Économie 17 janvier 2025

Taxes foncières : Le point de rupture approche, dit l’UPA

La valeur des terres agricoles n’a cessé d’augmenter ces dernières années et les comptes de taxes aussi, ce qui fait dire à Charles-Félix Ross, directeur général de l’Union des producteurs agricoles (UPA), que la situation n’est plus soutenable, autant pour ceux qui payent plus de taxes que pour le Programme de crédit de taxes foncières agricoles du ministère de l’Agriculture (MAPAQ). 

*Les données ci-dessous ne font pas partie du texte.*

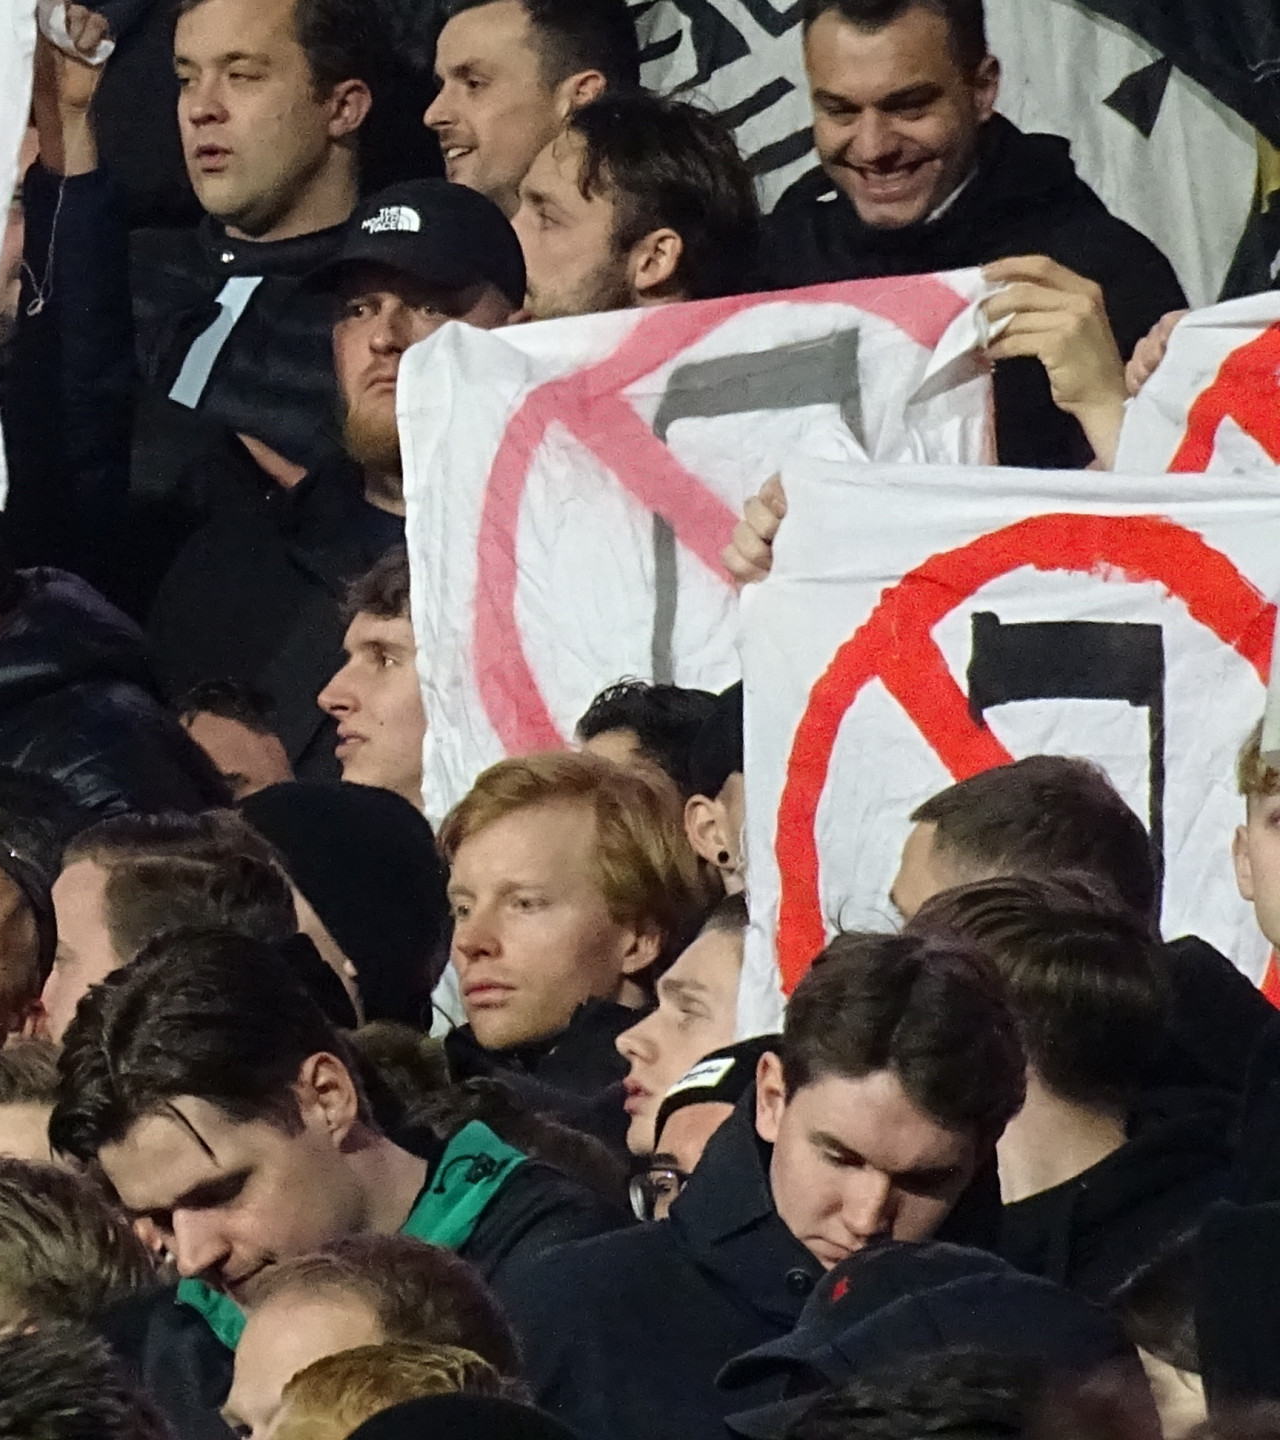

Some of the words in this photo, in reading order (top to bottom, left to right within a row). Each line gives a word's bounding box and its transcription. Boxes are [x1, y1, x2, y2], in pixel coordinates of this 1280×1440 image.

[380, 206, 400, 217] THE
[361, 214, 400, 229] NORTH
[369, 222, 399, 234] FACE

« On est rendus vraiment à un point de rupture pour les entreprises agricoles. Ce niveau de taxes ne pourra pas être soutenu. La facture [de taxes] devient trop élevée pour la capacité des fermes à générer des revenus. Dans ce contexte, le gouvernement n’aura pas le choix. Plus tôt que tard, il devra revoir la fiscalité agricole », est-il d’avis.

Deux demandes

L’UPA réclame un taux distinct sur l’ensemble du territoire, c’est-à-dire un taux de taxation agricole plus faible que celui appliqué aux résidences. 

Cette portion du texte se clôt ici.